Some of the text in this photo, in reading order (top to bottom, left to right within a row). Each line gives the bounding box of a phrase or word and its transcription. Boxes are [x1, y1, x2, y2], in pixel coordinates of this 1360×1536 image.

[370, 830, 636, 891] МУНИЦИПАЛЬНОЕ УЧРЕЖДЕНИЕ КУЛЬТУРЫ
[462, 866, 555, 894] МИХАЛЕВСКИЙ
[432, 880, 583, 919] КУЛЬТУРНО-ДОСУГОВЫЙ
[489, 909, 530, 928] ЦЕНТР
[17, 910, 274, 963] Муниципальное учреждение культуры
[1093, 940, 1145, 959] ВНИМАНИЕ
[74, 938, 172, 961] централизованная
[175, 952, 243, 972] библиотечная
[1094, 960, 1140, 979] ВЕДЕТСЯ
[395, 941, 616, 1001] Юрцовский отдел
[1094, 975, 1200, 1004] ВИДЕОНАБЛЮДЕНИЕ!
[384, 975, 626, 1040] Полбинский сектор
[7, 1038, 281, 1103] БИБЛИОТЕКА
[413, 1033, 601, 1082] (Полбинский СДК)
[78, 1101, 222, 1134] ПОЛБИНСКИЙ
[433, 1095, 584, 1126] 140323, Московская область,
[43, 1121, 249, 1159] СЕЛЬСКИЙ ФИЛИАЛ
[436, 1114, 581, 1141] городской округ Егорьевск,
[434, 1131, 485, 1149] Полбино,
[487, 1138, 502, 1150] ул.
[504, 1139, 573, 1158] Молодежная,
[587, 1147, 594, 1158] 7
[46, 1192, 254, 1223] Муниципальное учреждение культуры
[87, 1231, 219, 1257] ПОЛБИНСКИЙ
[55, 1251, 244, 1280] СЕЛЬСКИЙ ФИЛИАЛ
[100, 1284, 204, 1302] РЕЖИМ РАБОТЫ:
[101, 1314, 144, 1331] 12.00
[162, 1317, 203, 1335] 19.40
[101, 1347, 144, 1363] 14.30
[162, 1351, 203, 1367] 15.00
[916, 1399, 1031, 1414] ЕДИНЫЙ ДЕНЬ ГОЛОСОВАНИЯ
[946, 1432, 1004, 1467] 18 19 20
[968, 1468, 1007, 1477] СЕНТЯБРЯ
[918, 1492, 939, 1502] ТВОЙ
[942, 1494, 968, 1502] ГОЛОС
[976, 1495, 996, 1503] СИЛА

········

TASK ITEM: All entries above are to be transcribed verbatim.

ANSWER BELOW:
Some of the text in this photo, in reading order (top to bottom, left to right within a row). Each line gives the bounding box of a phrase or word and its transcription. Boxes are [x1, y1, x2, y2], in pixel coordinates of this 1360×1536 image.

[370, 830, 636, 891] МУНИЦИПАЛЬНОЕ УЧРЕЖДЕНИЕ КУЛЬТУРЫ
[462, 866, 555, 894] МИХАЛЕВСКИЙ
[432, 880, 583, 919] КУЛЬТУРНО-ДОСУГОВЫЙ
[489, 909, 530, 928] ЦЕНТР
[17, 910, 274, 963] Муниципальное учреждение культуры
[1093, 940, 1145, 959] ВНИМАНИЕ
[74, 938, 172, 961] централизованная
[175, 952, 243, 972] библиотечная
[1094, 960, 1140, 979] ВЕДЕТСЯ
[395, 941, 616, 1001] Юрцовский отдел
[1094, 975, 1200, 1004] ВИДЕОНАБЛЮДЕНИЕ!
[384, 975, 626, 1040] Полбинский сектор
[7, 1038, 281, 1103] БИБЛИОТЕКА
[413, 1033, 601, 1082] (Полбинский СДК)
[78, 1101, 222, 1134] ПОЛБИНСКИЙ
[433, 1095, 584, 1126] 140323, Московская область,
[43, 1121, 249, 1159] СЕЛЬСКИЙ ФИЛИАЛ
[436, 1114, 581, 1141] городской округ Егорьевск,
[434, 1131, 485, 1149] Полбино,
[487, 1138, 502, 1150] ул.
[504, 1139, 573, 1158] Молодежная,
[587, 1147, 594, 1158] 7
[46, 1192, 254, 1223] Муниципальное учреждение культуры
[87, 1231, 219, 1257] ПОЛБИНСКИЙ
[55, 1251, 244, 1280] СЕЛЬСКИЙ ФИЛИАЛ
[100, 1284, 204, 1302] РЕЖИМ РАБОТЫ:
[101, 1314, 144, 1331] 12.00
[162, 1317, 203, 1335] 19.40
[101, 1347, 144, 1363] 14.30
[162, 1351, 203, 1367] 15.00
[916, 1399, 1031, 1414] ЕДИНЫЙ ДЕНЬ ГОЛОСОВАНИЯ
[946, 1432, 1004, 1467] 18 19 20
[968, 1468, 1007, 1477] СЕНТЯБРЯ
[918, 1492, 939, 1502] ТВОЙ
[942, 1494, 968, 1502] ГОЛОС
[976, 1495, 996, 1503] СИЛА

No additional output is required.